◆ Exercise details ◆
Please restate all of the records word for word, setting the pictures aside.

◆ Collected data ◆

[Start of section]

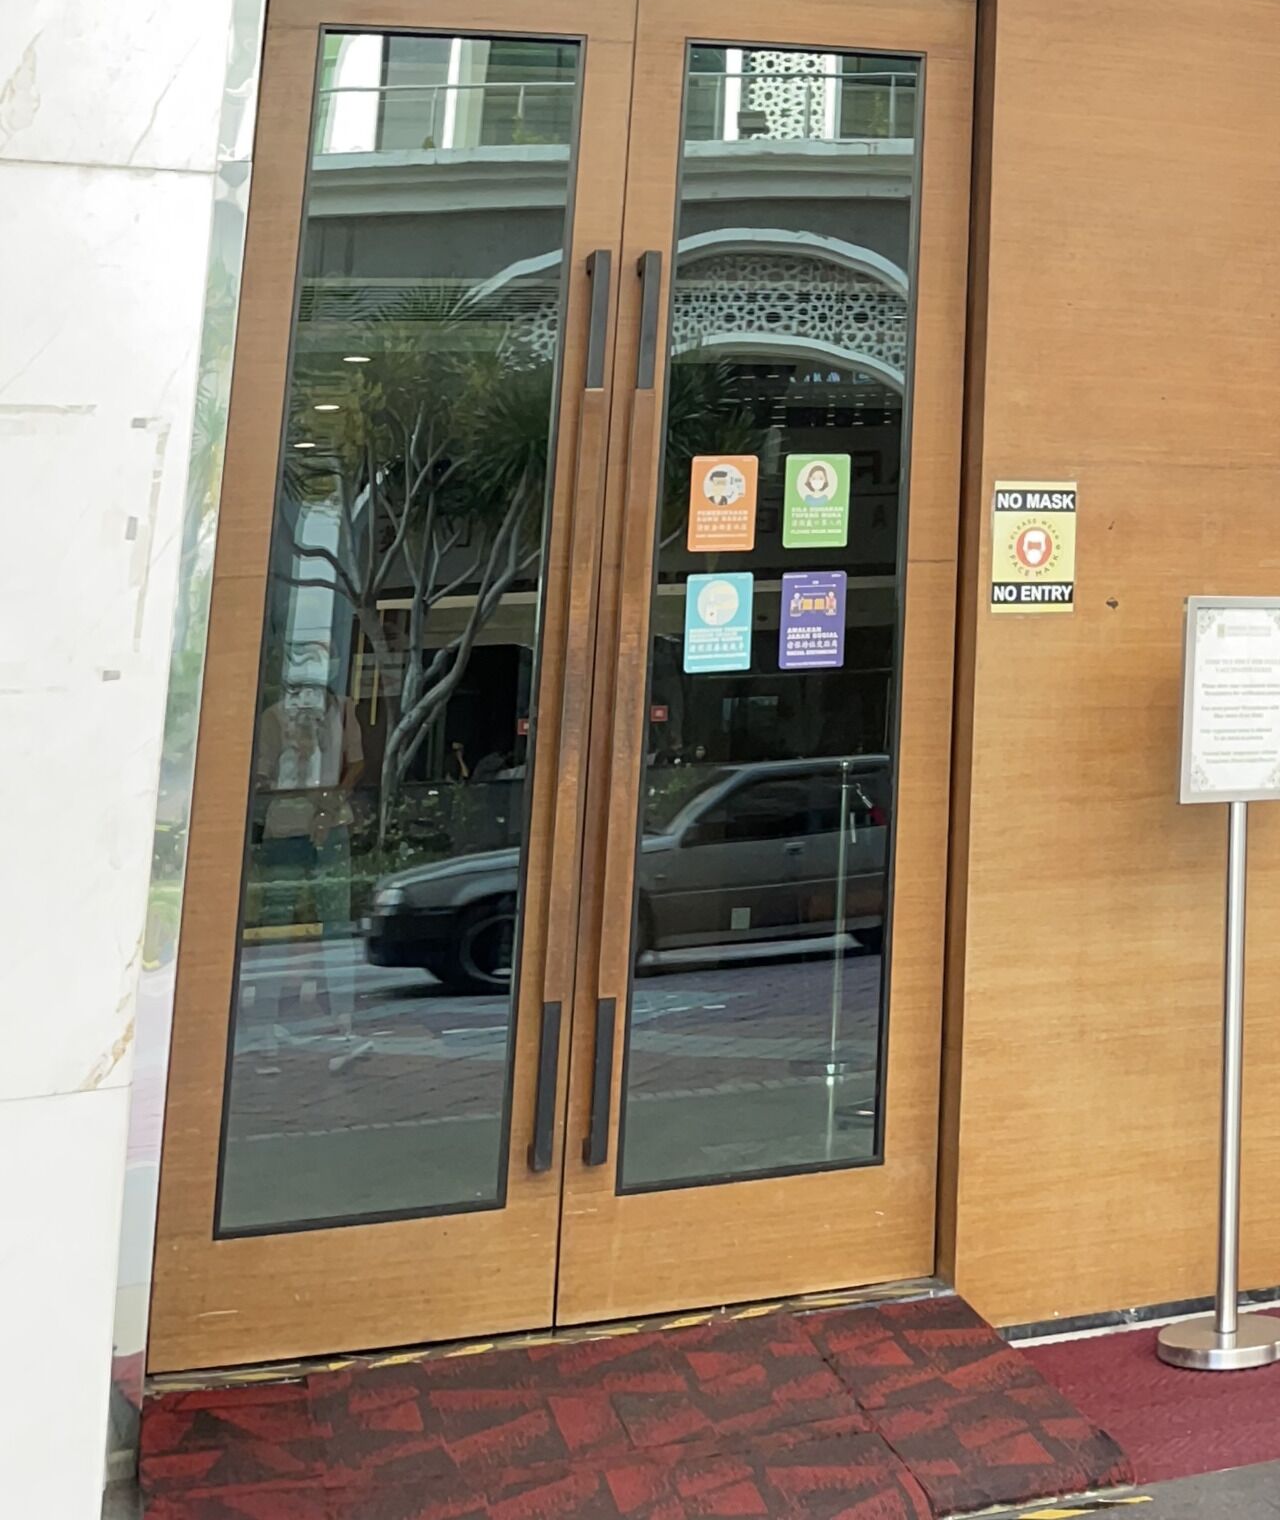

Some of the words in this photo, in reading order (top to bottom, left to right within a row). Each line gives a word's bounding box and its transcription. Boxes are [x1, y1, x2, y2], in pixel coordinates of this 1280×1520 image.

[998, 493, 1022, 509] NO
[1027, 493, 1074, 509] MASK
[994, 586, 1017, 601] NO
[1021, 585, 1072, 601] ENTRY
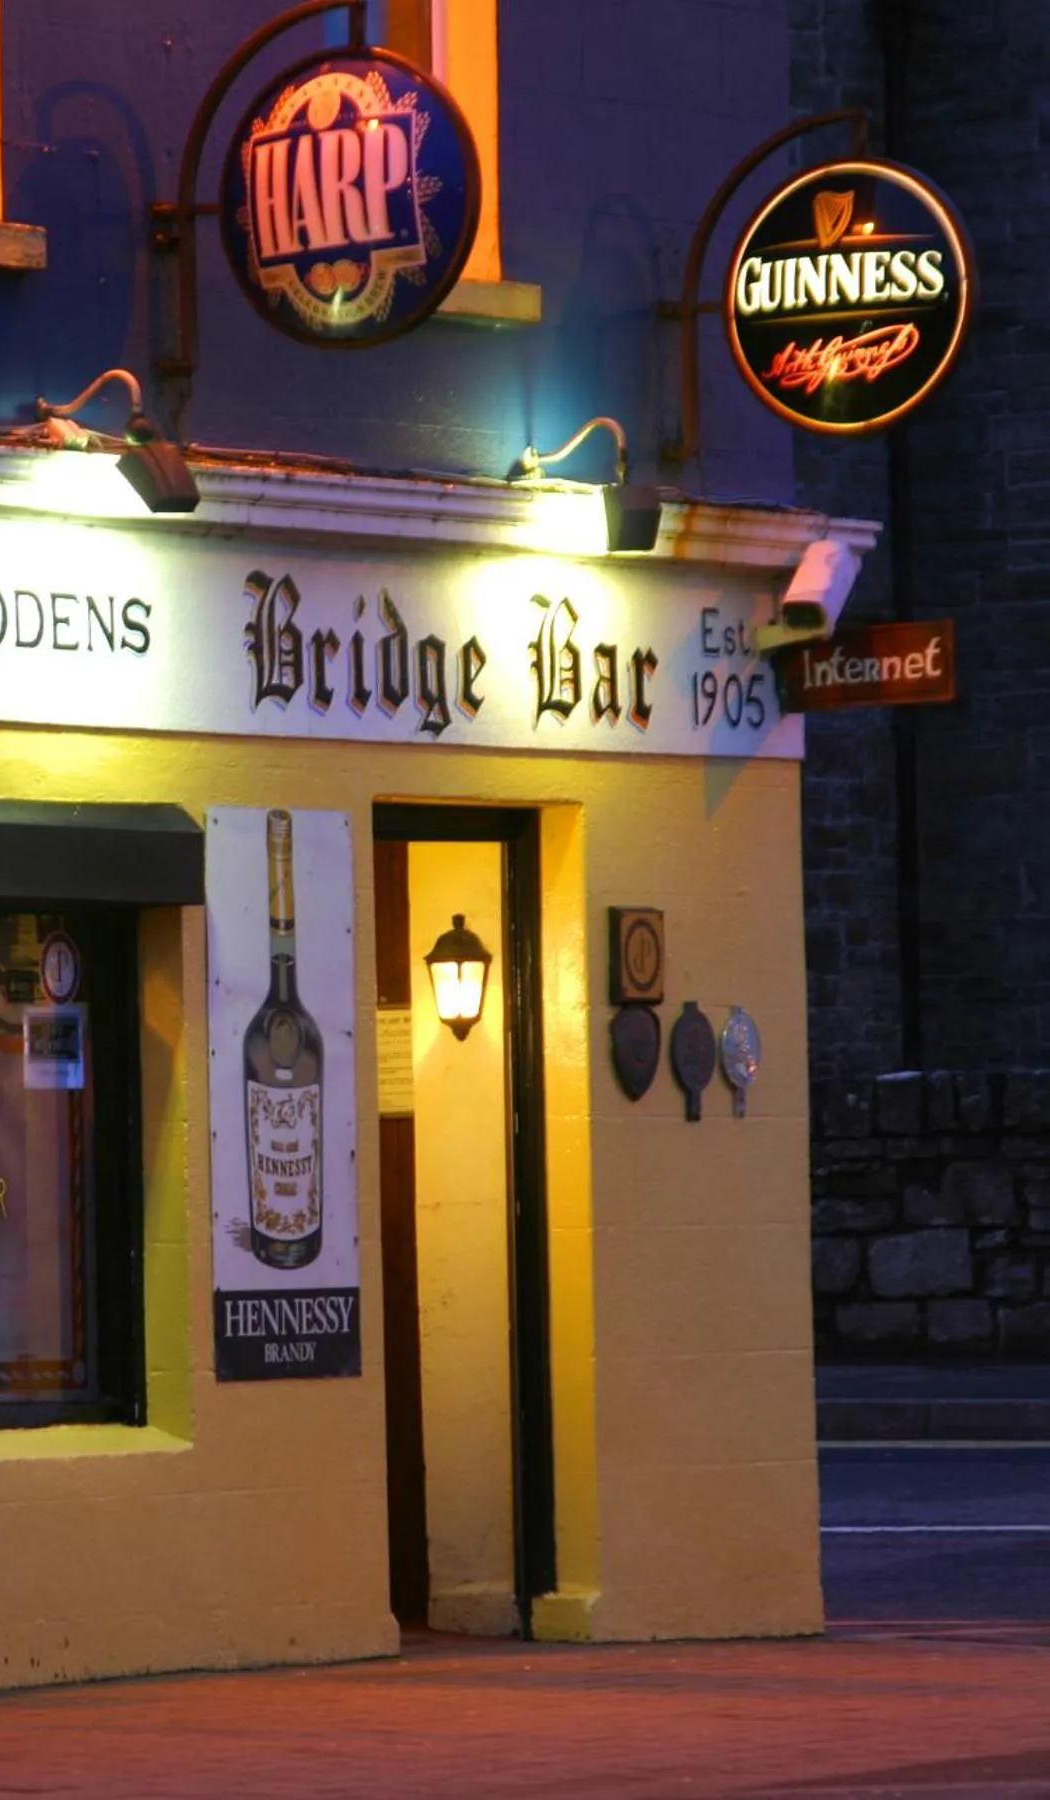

[End of section]

◆ Solution to this task ◆
Some of the words in this photo, in reading order (top to bottom, left to right within a row). Each line gives a word's bounding box and its transcription. Boxes are [x1, y1, x2, y2], in pixel coordinates of this 1280×1520 image.

[998, 493, 1022, 509] NO
[1027, 493, 1074, 509] MASK
[994, 586, 1017, 601] NO
[1021, 585, 1072, 601] ENTRY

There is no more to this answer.